Trinity: A Novel of Ireland
ISBN: 0-385-03458-x
Library of Congress Catalog Card Number:75-14844
Copyright © 1976 by Leon Uris
Printed in the United States of America
THIS BOOK IS DEDICATED TO
MY WIFE, JILL
WHO IS AS MUCH A PART OF THESE PAGES
AS THE IRISH PEOPLE
I wish to express my heartfelt appreciation to my associate, Diane Eagle, whose research and devotion constituted a tremendous contribution, and to the Denver Public Library.
There are others, tens of dozens, whose interviews and expertise made this work possible. Sheer weight of numbers precludes my thanking them all. Unfortunately, some of these cannot or do not wish to be acknowledged, for the story of Ireland goes on. Those who did help me know who they are and have my everlasting gratitude.
"There is no present or future — only the past,
happening over and over again — now."
EUGENE O’NEILL — A Moon for the Misbegotten
PART ONE
Ballyutogue
CHAPTER ONE
MAY 1885
I recall with utter clarity the first great shock of my life. A scream came from the cottage next door. I rushed into the room, as familiar as my own home. The Larkin kids, Conor, Liam and Brigid, all hovered about the alcove in which a mattress of bog fir bedded old Kilty. They stood in gape-mouthed awe.

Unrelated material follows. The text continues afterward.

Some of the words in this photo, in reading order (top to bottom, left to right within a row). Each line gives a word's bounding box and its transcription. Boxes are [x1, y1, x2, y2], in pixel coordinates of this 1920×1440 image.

I stole up next to Conor. "Grandfar is dead," he said.
Their ma, Finola, who was eight months pregnant, knelt with her head pressed against the old man's heart. It was my very first sight of a dead person. He was a waxy, bony specimen lying there with his open mouth showing no teeth at all and his glazed eyes staring up at me and me staring back until I felt my own ready to pop out of their sockets.
Oh, it was a terrible moment of revelation for me. All of us kids thought old Kilty had the magic of the fairies and would live forever, a tale fortified by the fact that he was the oldest survivor of the great famine, to say nothing of being a hero of the Fenian Rising of '67 who had been jailed and fearfully tortured for his efforts.

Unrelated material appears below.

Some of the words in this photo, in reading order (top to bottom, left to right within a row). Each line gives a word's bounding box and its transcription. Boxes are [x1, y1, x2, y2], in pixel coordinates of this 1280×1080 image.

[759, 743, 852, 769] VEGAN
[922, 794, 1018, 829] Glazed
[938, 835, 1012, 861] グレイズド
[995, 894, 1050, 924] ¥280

I was eleven years old at that moment. Kilty had been daft as long as I could recall, always huddled near the fire mumbling incoherently. He was an ancient old dear, ancient beyond age, but nobody ever gave serious consideration to the fact he might die.
Little Brigid began to weep.
"Hush!" her ma said sharply. "You'll not do any crying until Grandfar has been properly prepared. The house has been surrounded by fairies just waiting to pounce and your weeping will encourage them to break in and snatch his soul from us."
Finola struggled to her feet, going into a flurry of activity. She flung open the windows and doors to let the evil spirits out and quickly covered the mirror to hide his image.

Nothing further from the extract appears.